• Work instruction: Copy nothing before the line containing "Some of the text". Reproduce that line and all that follow, exactly, through the end of the records.

[Free-text object descriptions]

"""

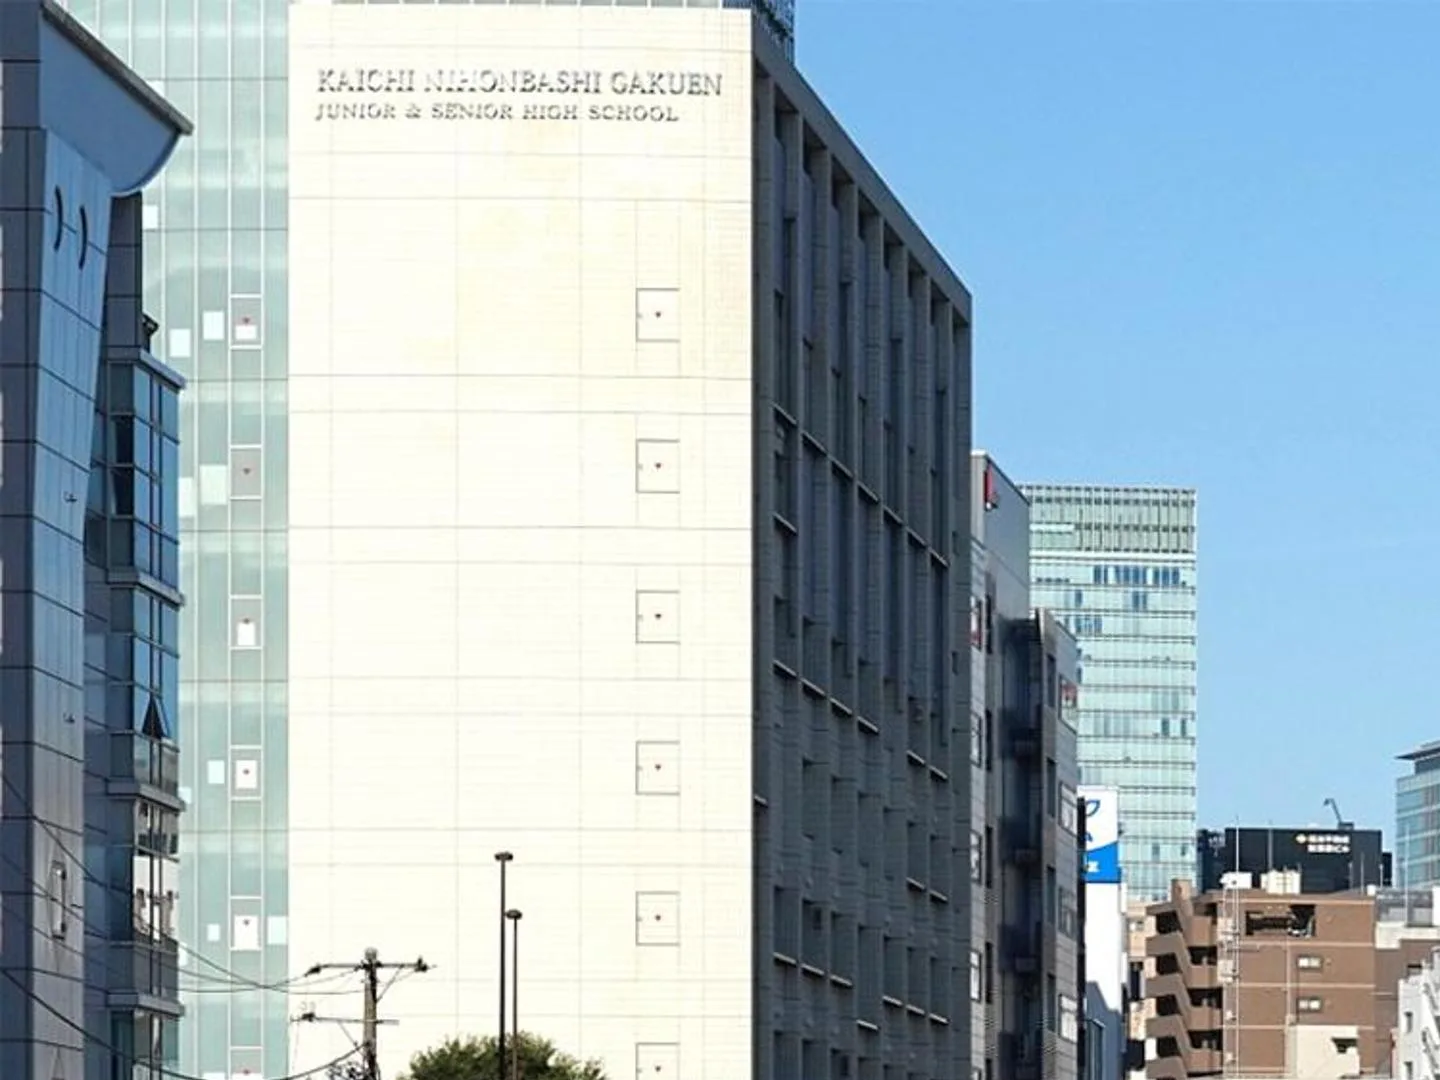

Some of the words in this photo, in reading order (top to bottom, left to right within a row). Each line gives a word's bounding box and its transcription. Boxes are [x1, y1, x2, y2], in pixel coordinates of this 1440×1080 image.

[317, 69, 414, 93] KAICHI
[424, 69, 602, 94] NIHONBASHI
[610, 71, 722, 96] GAKUEN
[315, 103, 396, 121] JUNIOR
[405, 106, 422, 120] &
[432, 103, 512, 120] SENIOR
[522, 105, 577, 120] HIGH
[588, 104, 679, 122] SCHOOL
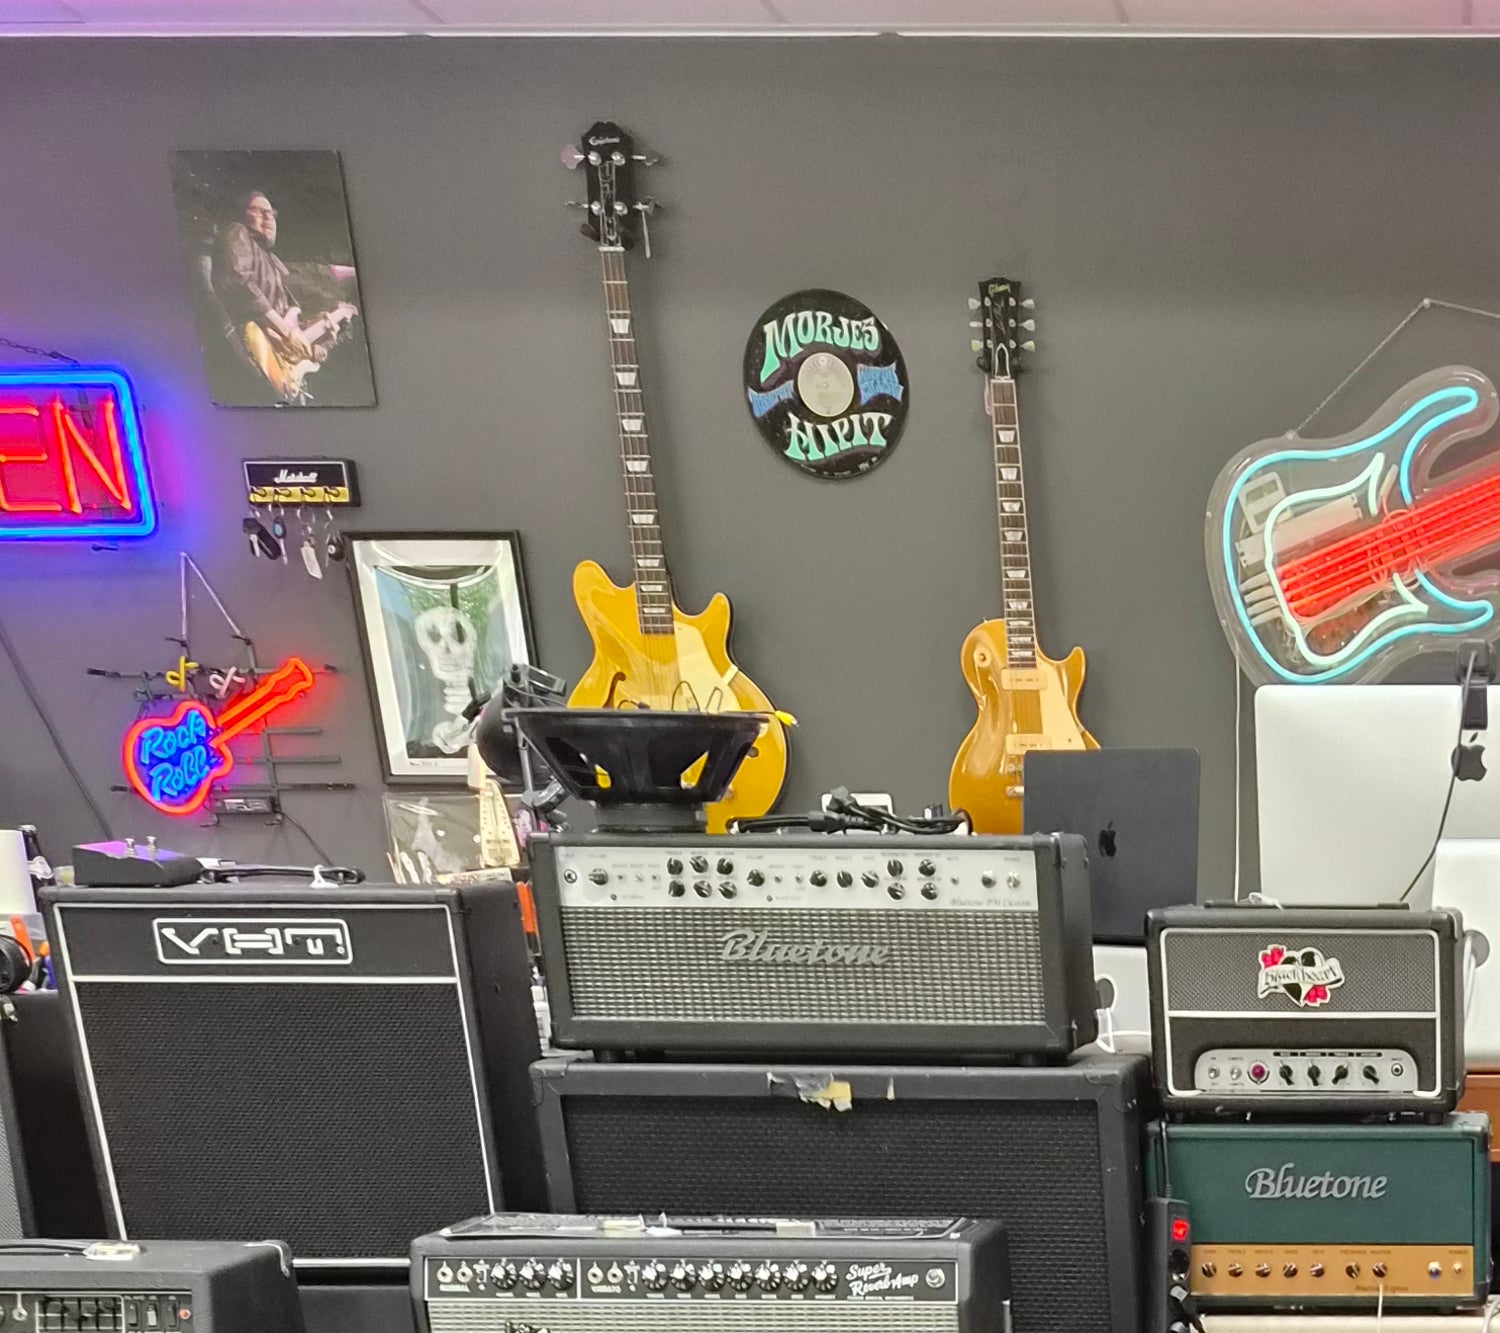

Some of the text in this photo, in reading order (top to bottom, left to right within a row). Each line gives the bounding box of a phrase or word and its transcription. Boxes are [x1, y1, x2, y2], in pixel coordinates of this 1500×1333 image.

[760, 310, 879, 384] MORJES
[140, 709, 206, 766] Rock
[149, 745, 210, 802] Roll
[161, 927, 346, 955] VHT
[718, 929, 891, 966] Bluetone
[1245, 1162, 1388, 1199] Bluetone
[590, 1285, 623, 1294] VIBRATO
[846, 1263, 892, 1281] Super

"""

• Task solution:
Some of the text in this photo, in reading order (top to bottom, left to right within a row). Each line gives the bounding box of a phrase or word and its transcription. Boxes are [x1, y1, x2, y2], in pixel coordinates of this 1500×1333 image.

[760, 310, 879, 384] MORJES
[140, 709, 206, 766] Rock
[149, 745, 210, 802] Roll
[161, 927, 346, 955] VHT
[718, 929, 891, 966] Bluetone
[1245, 1162, 1388, 1199] Bluetone
[590, 1285, 623, 1294] VIBRATO
[846, 1263, 892, 1281] Super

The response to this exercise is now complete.